Reproduce the lines of the material exactly, excluding every image.

=======

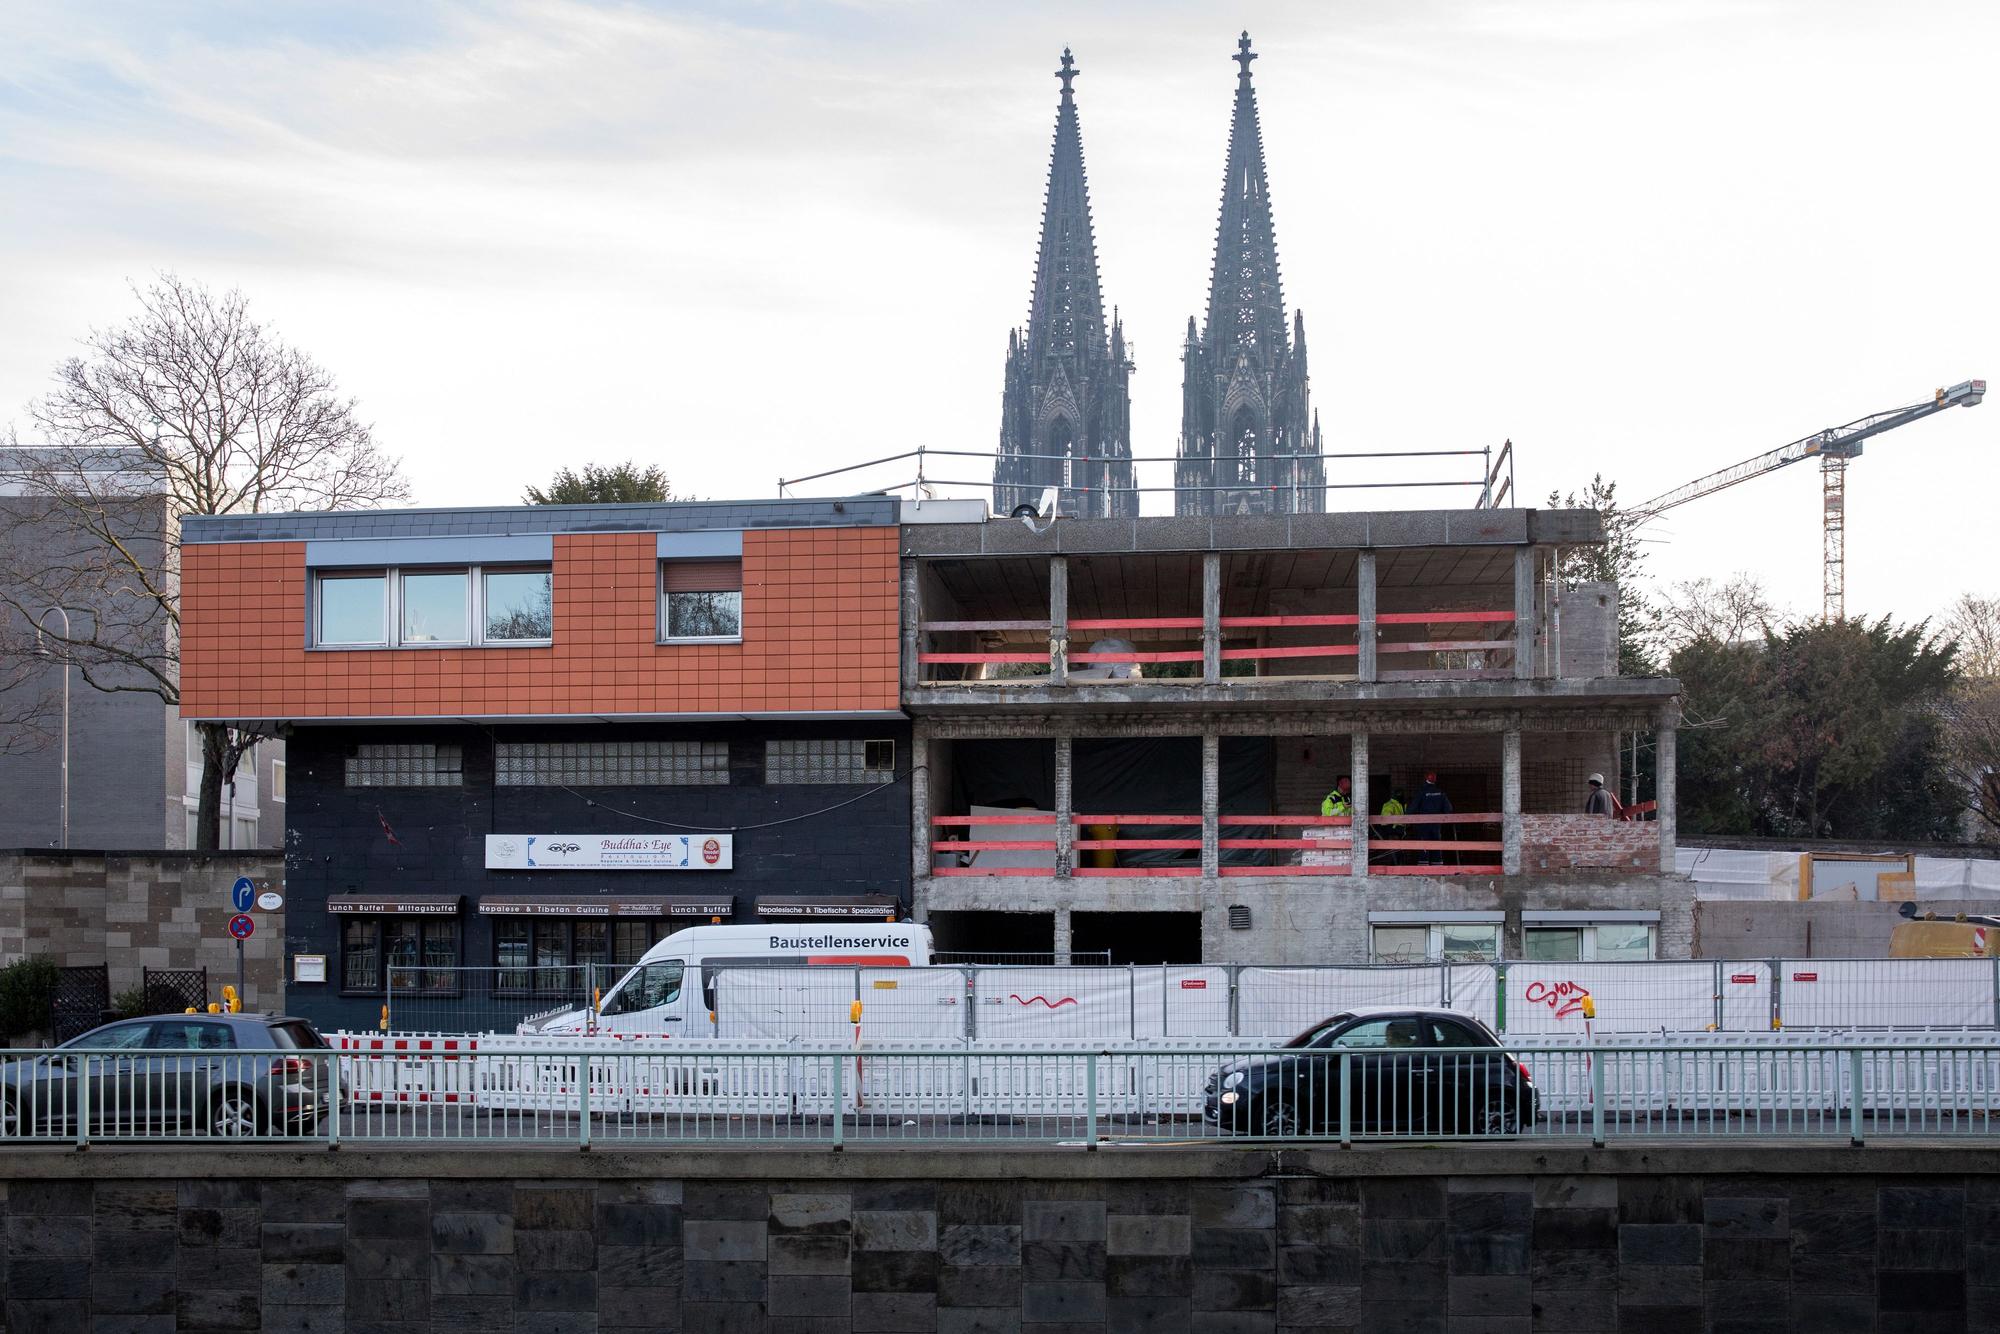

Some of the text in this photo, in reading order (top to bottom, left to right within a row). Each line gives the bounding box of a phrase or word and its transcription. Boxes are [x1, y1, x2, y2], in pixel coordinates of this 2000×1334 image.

[601, 839, 672, 853] Buddha's Eye
[328, 904, 457, 913] Lunch Buffet Mittagsbuffet
[479, 905, 520, 913] Nepalese
[576, 905, 609, 913] Cuisine
[757, 905, 895, 915] Nepalesische & Tibetische Spezialitäten
[769, 935, 910, 949] Baustellenservice
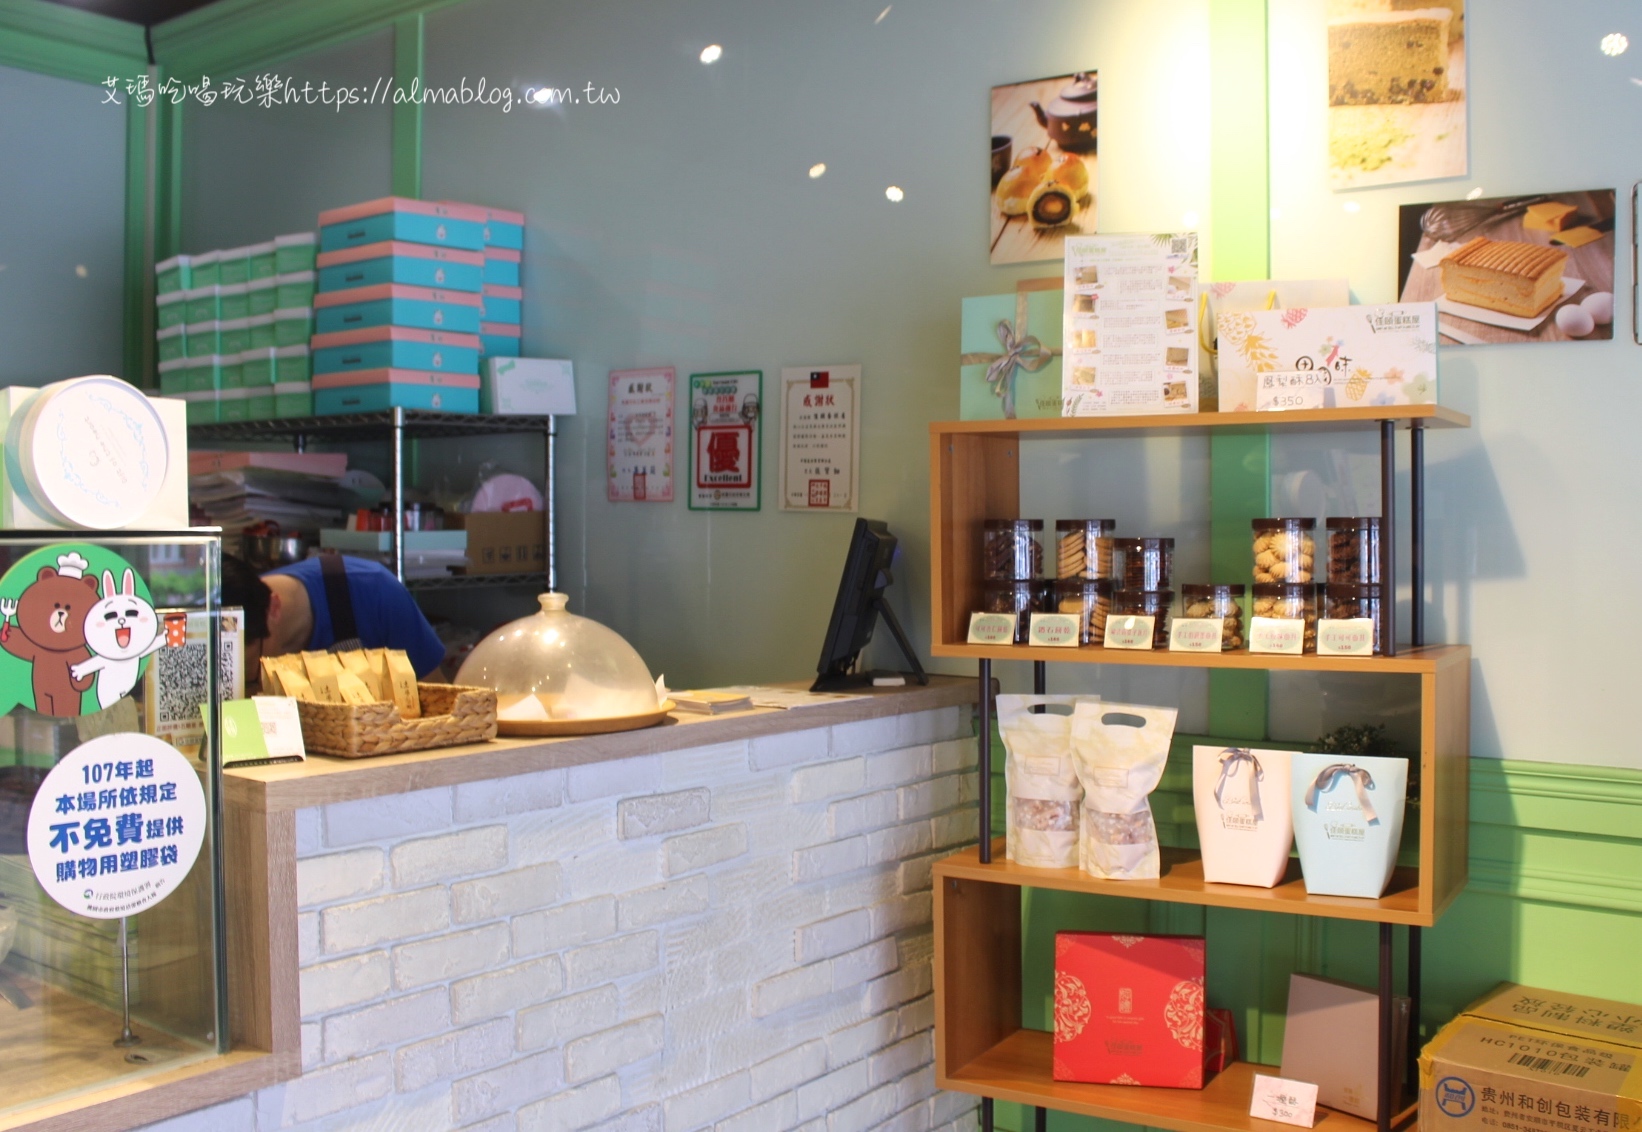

=======

▸ Response for this exercise:
Some of the text in this photo, in reading order (top to bottom, left to right within a row). Each line gives the bounding box of a phrase or word and its transcription. Boxes are [x1, y1, x2, y2], in pixel coordinates of this 2000×1334 image.

[601, 839, 672, 853] Buddha's Eye
[328, 904, 457, 913] Lunch Buffet Mittagsbuffet
[479, 905, 520, 913] Nepalese
[576, 905, 609, 913] Cuisine
[757, 905, 895, 915] Nepalesische & Tibetische Spezialitäten
[769, 935, 910, 949] Baustellenservice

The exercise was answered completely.